**Work order**.
The answer must be an exact copy of the lines from the one containing "this 1334×1500 image." through the last line of the records, with no pictures.

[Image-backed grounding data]

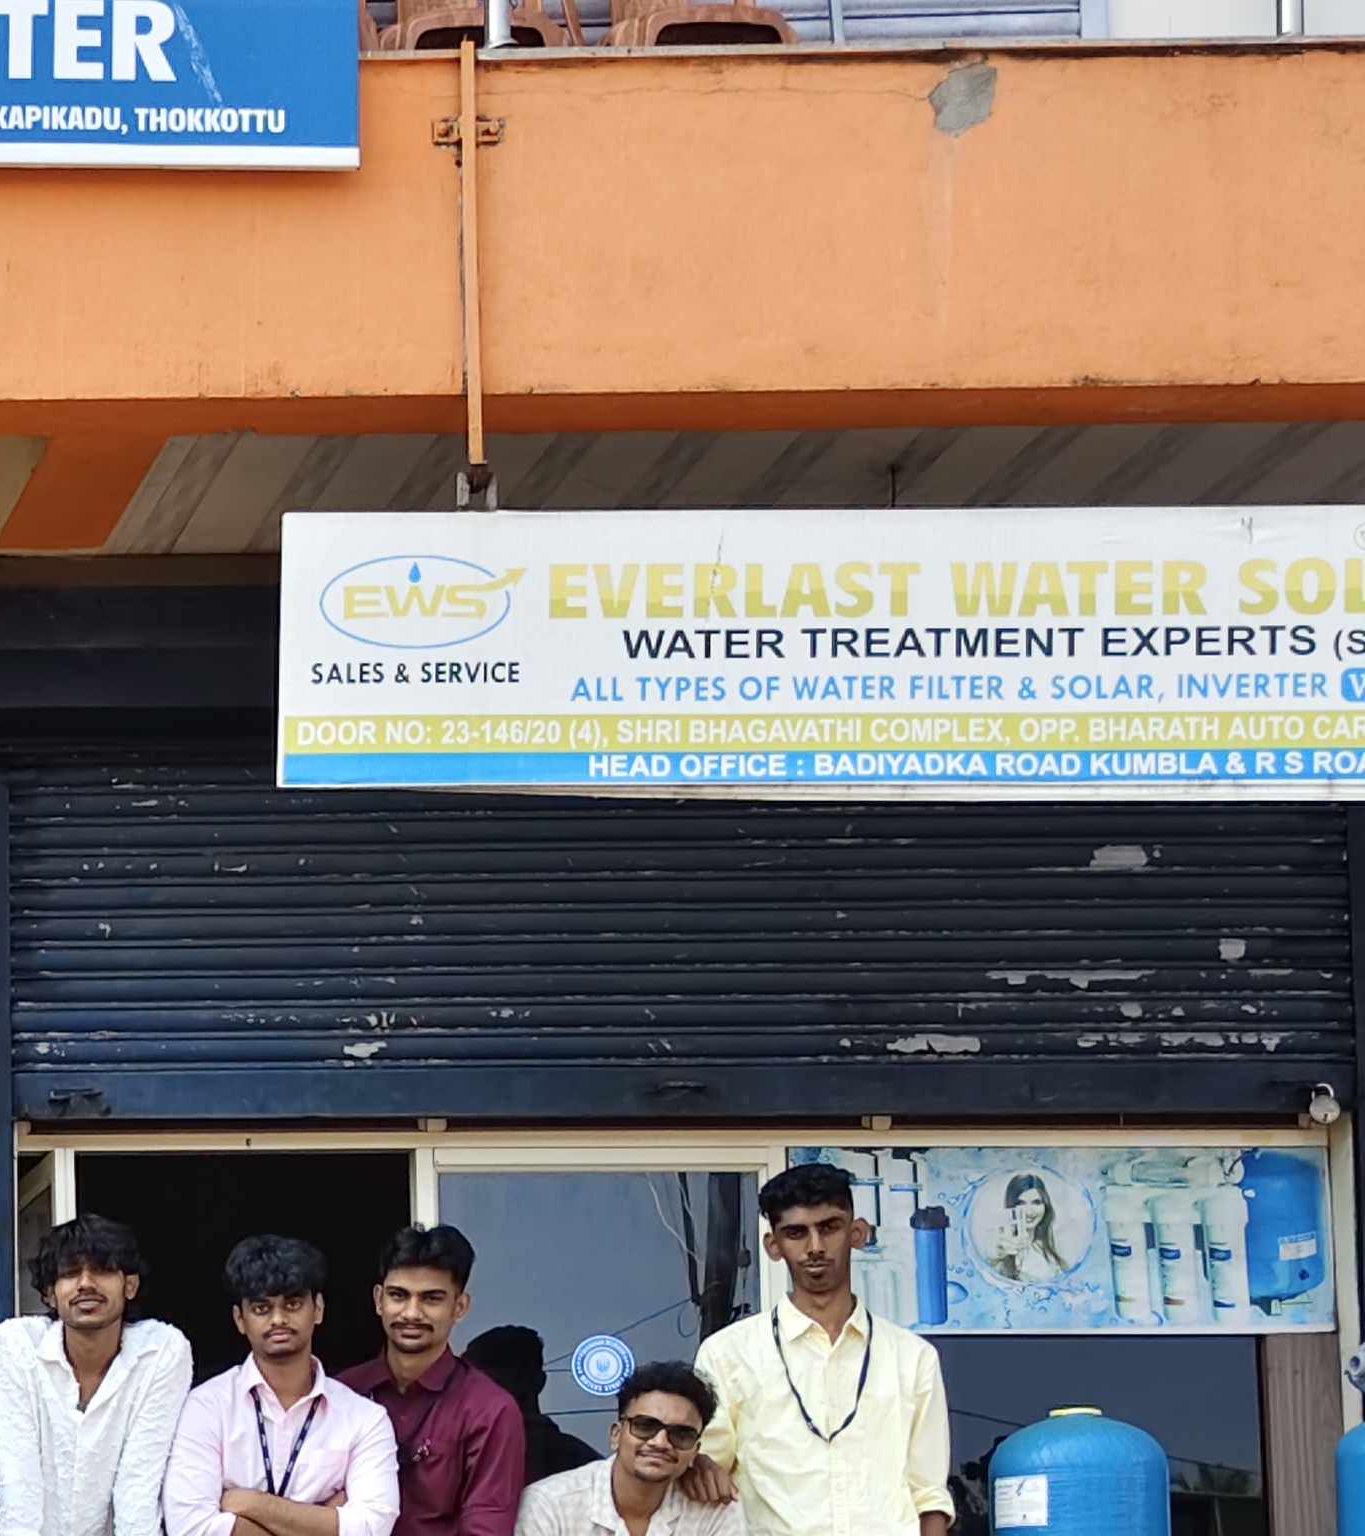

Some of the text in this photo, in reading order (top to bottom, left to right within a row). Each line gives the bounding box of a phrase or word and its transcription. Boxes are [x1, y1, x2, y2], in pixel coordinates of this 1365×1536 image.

[134, 107, 286, 134] THOKKOTTU
[342, 582, 489, 621] EWS
[547, 560, 921, 620] EVERLAST
[949, 558, 1208, 618] WATER
[623, 628, 786, 660] WATER
[801, 626, 1085, 659] TREATMENT
[1100, 624, 1317, 657] EXPERTS
[311, 661, 521, 684] SALES & SERVICE
[570, 672, 1328, 704] ALL TYPES OF WATER FILTER & SOLAR, INVERTER
[296, 721, 378, 746] DOOR
[385, 721, 432, 746] NO:
[441, 719, 562, 746] 23-146/20
[568, 719, 609, 749] (4),
[616, 718, 681, 744] SHRI
[688, 716, 862, 744] BHAGAVATHI
[870, 716, 1011, 746] COMPLEX,
[1018, 716, 1081, 743] OPP.
[1088, 715, 1220, 742] BHARATH
[1228, 715, 1305, 742] AUTO
[588, 754, 671, 778] HEAD
[678, 754, 788, 778] OFFICE
[814, 752, 988, 776] BADIYADKA
[995, 752, 1081, 776] ROAD
[1089, 751, 1219, 775] KUMBLA
[1227, 752, 1246, 775] &
[1255, 752, 1276, 774] R
[1284, 751, 1305, 774] S
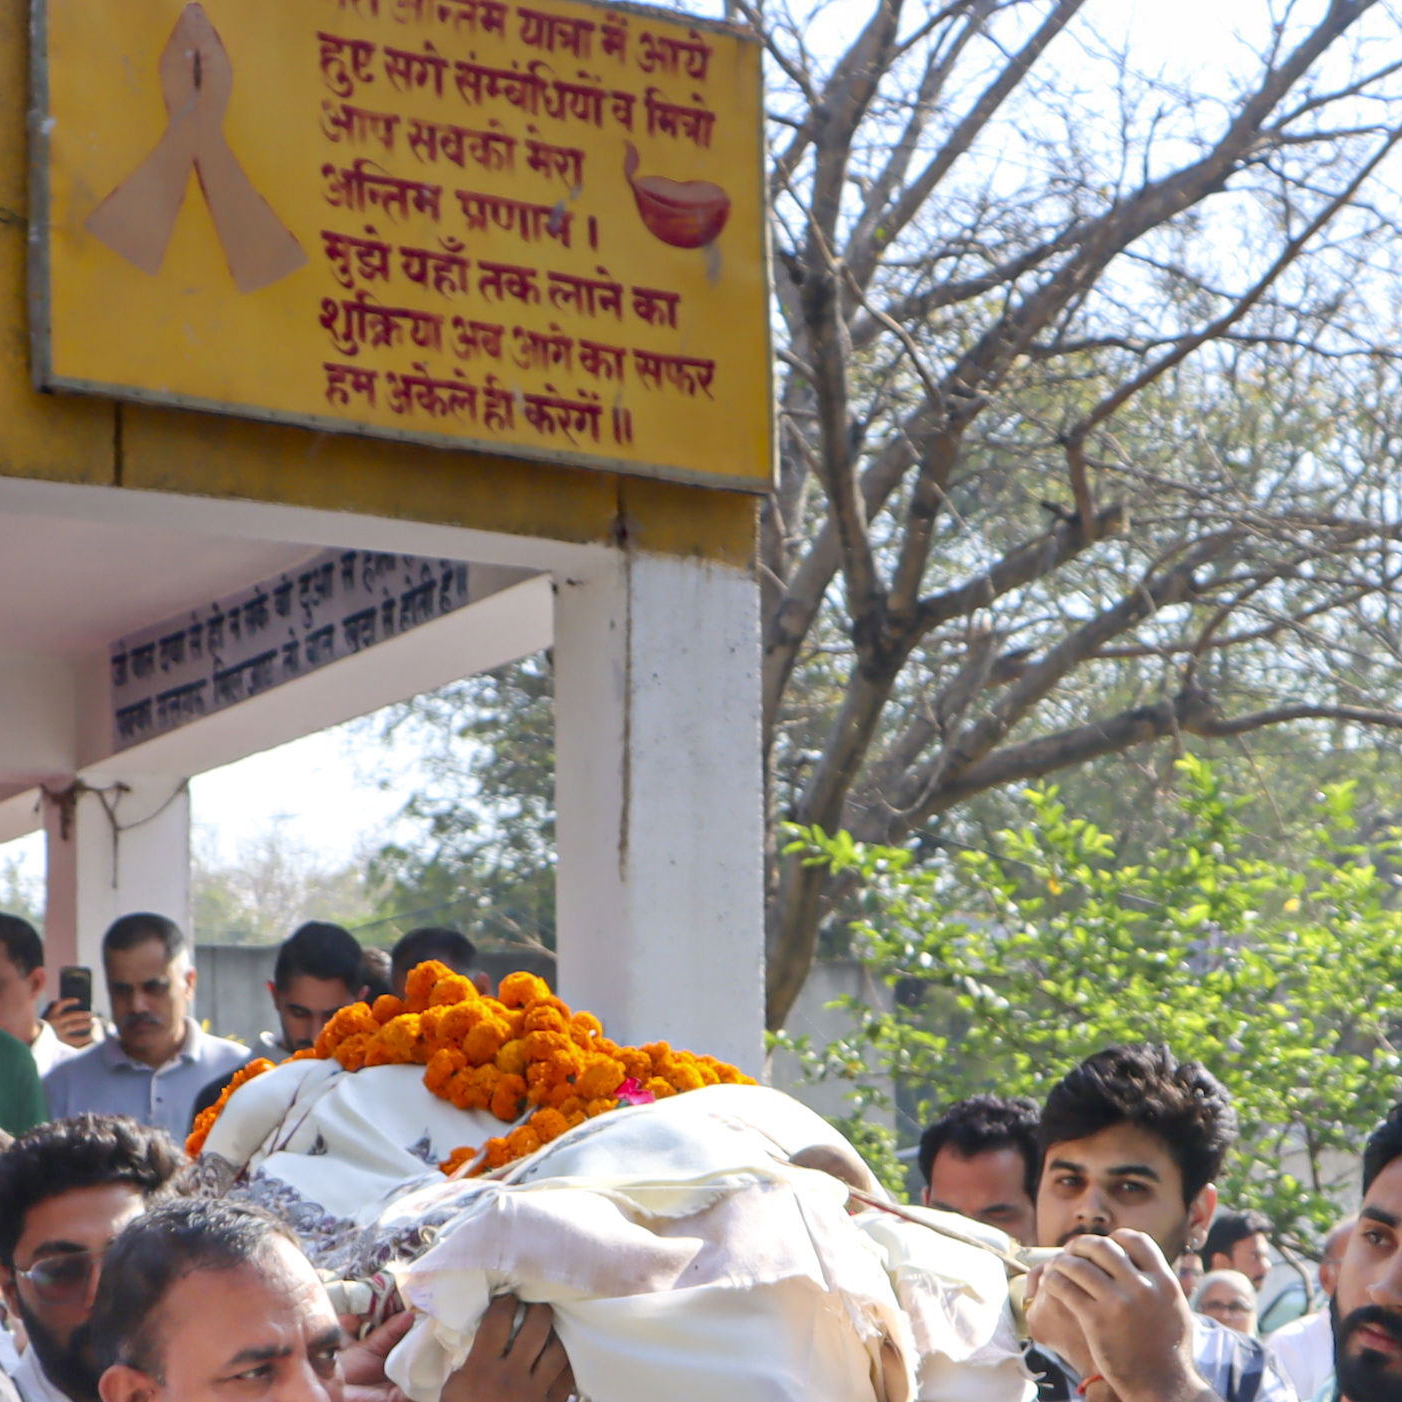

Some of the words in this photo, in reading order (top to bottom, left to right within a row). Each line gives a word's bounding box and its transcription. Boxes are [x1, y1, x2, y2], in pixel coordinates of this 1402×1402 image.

[317, 31, 376, 98] हुए
[384, 40, 449, 98] सगे
[517, 7, 595, 59] यात्रा
[601, 12, 628, 65] में
[637, 29, 713, 82] आये
[319, 100, 401, 151] आप
[524, 124, 586, 192] मेरा
[321, 158, 443, 225] अन्तिम
[454, 189, 575, 249] प्रणाम
[320, 224, 392, 289] मुझे
[399, 236, 470, 299] यहाँ
[477, 260, 542, 304] तक
[547, 265, 624, 321] लाने
[631, 286, 681, 330] का
[319, 290, 444, 356] शुक्रिया
[511, 322, 574, 374] आगे
[579, 339, 627, 384] का
[633, 348, 715, 401] सफर
[322, 361, 377, 406] हम
[386, 361, 478, 422] अकेले
[483, 373, 515, 431] ही
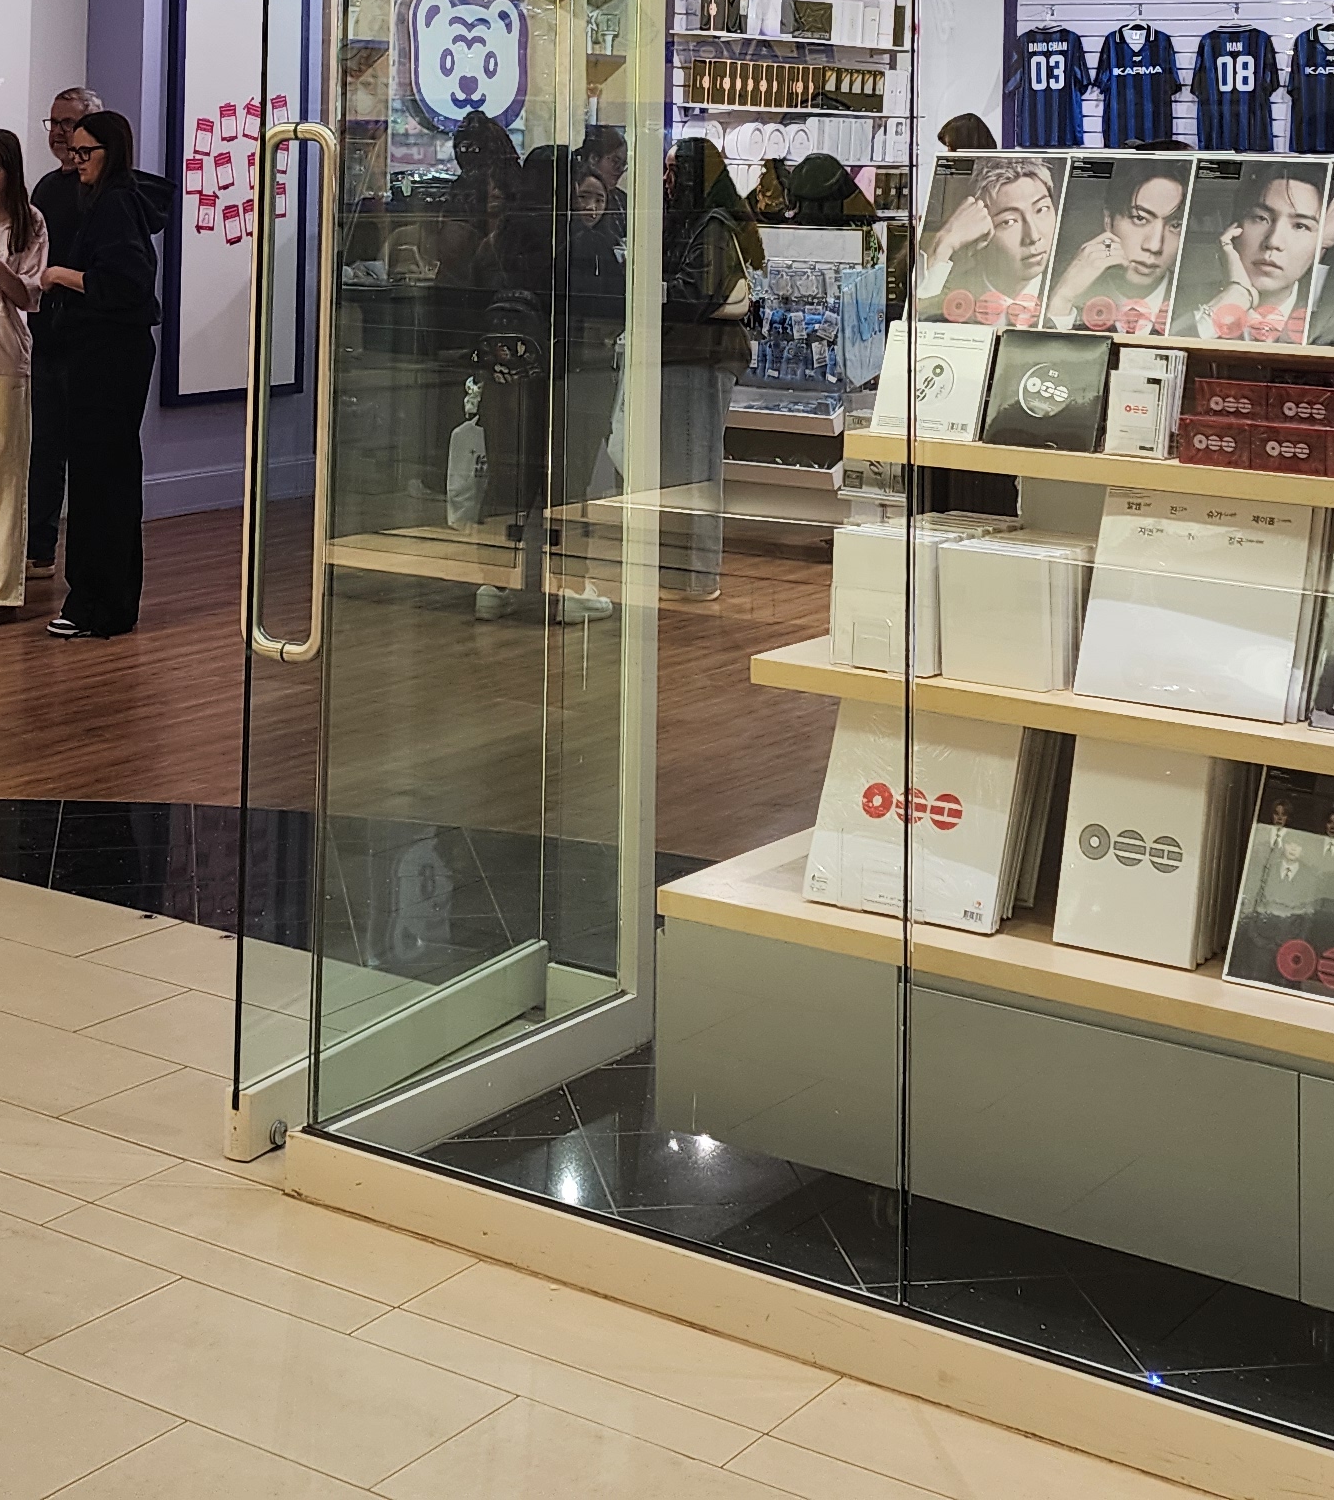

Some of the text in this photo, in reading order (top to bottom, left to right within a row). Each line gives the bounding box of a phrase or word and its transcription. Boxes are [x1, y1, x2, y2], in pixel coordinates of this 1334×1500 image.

[1031, 55, 1065, 91] 03
[1112, 66, 1163, 76] KARMA
[1217, 56, 1255, 92] 08
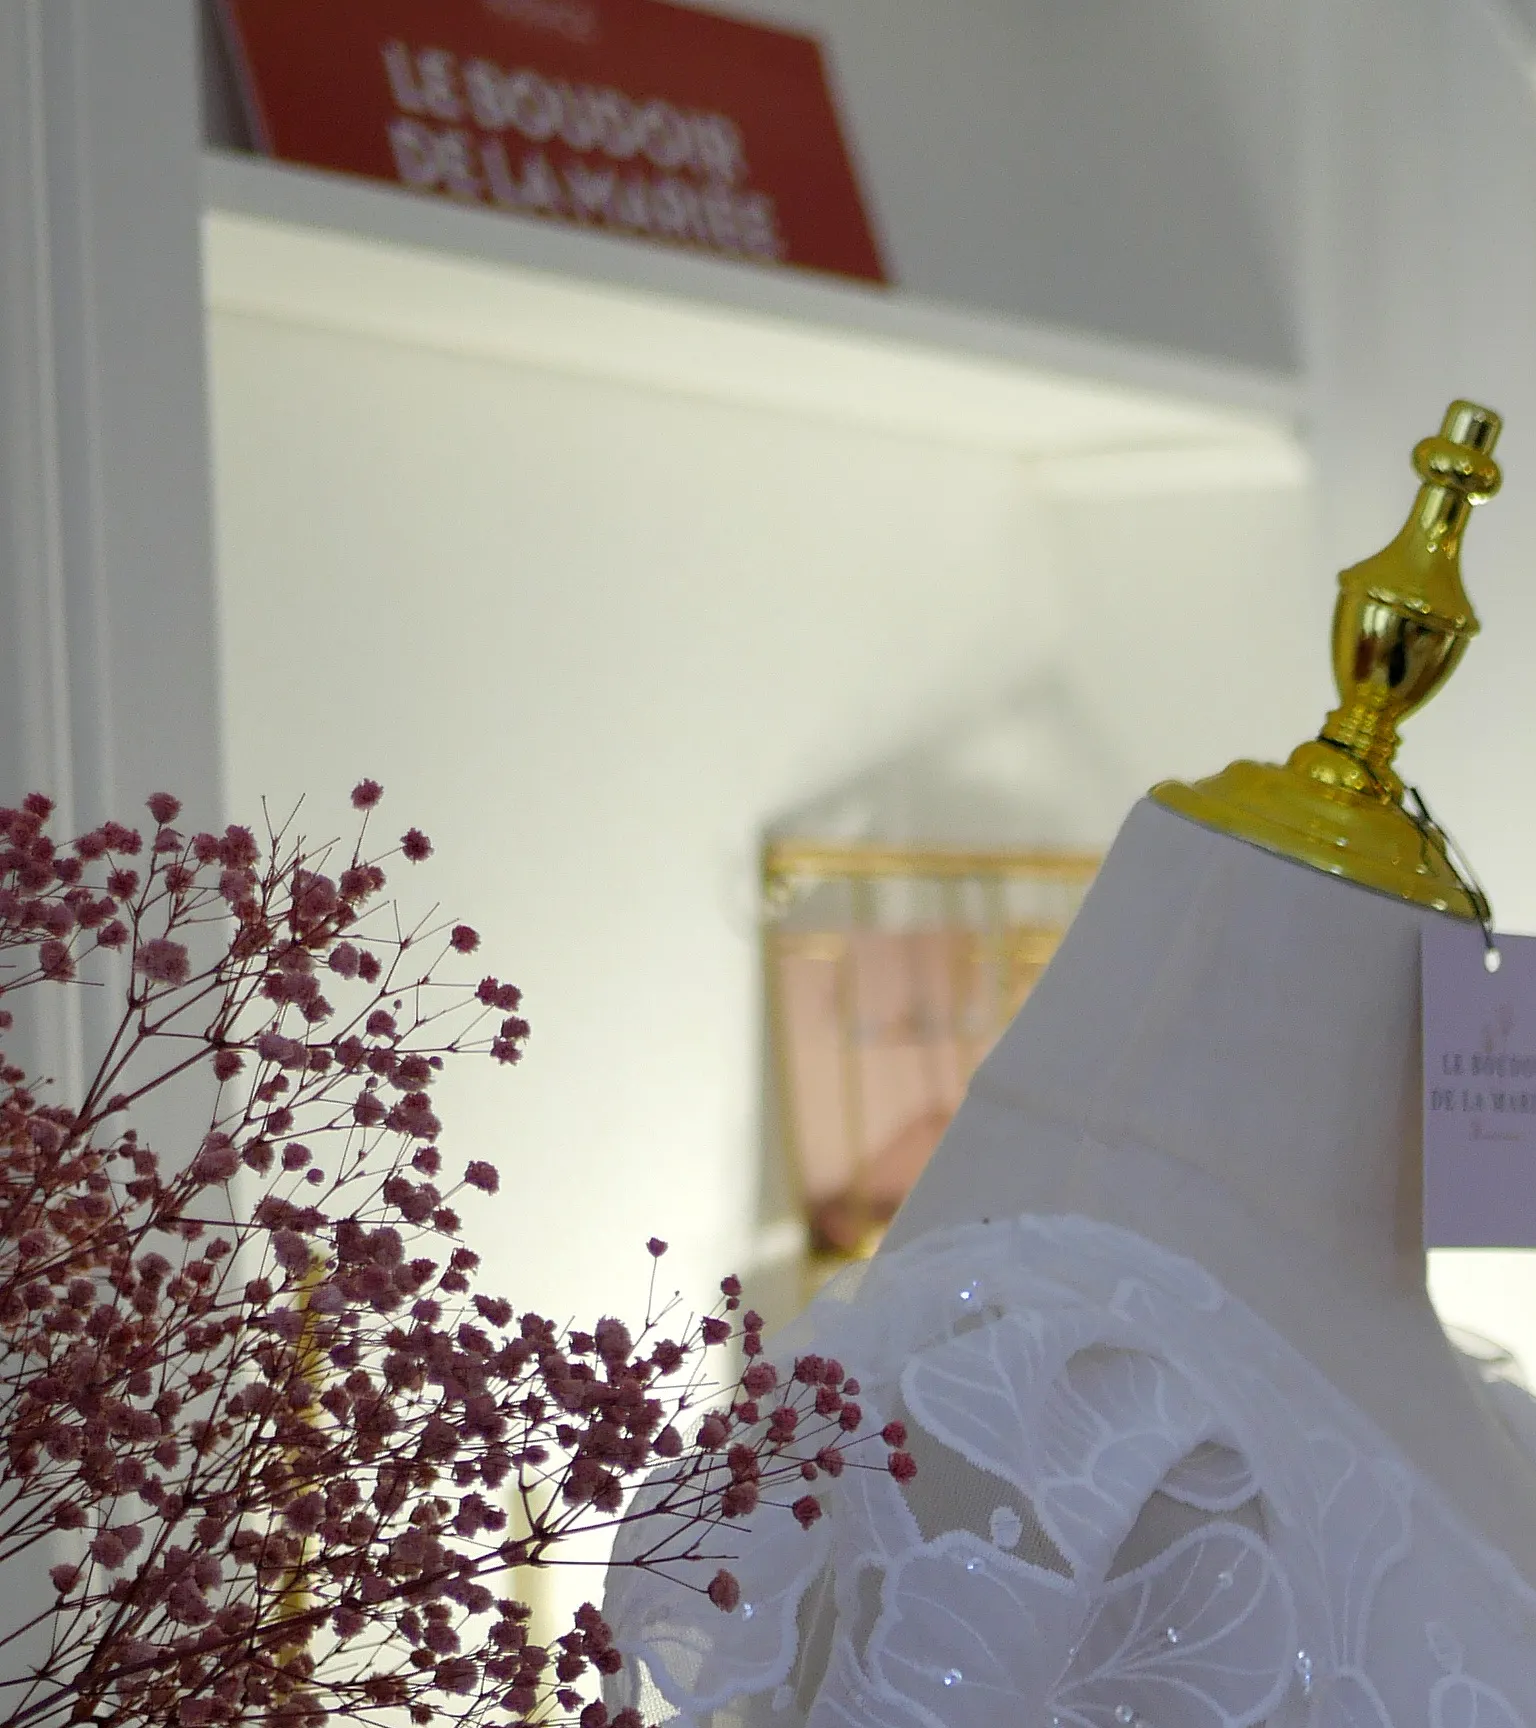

**Exercise result**.
Some of the text in this photo, in reading order (top to bottom, left to right within a row). Each line gives the bounding box of a phrase or word and its transcription. Boxes are [x1, y1, x2, y2], in pixel coordinates of this 1334×1500 image.

[1031, 55, 1065, 91] 03
[1112, 66, 1163, 76] KARMA
[1217, 56, 1255, 92] 08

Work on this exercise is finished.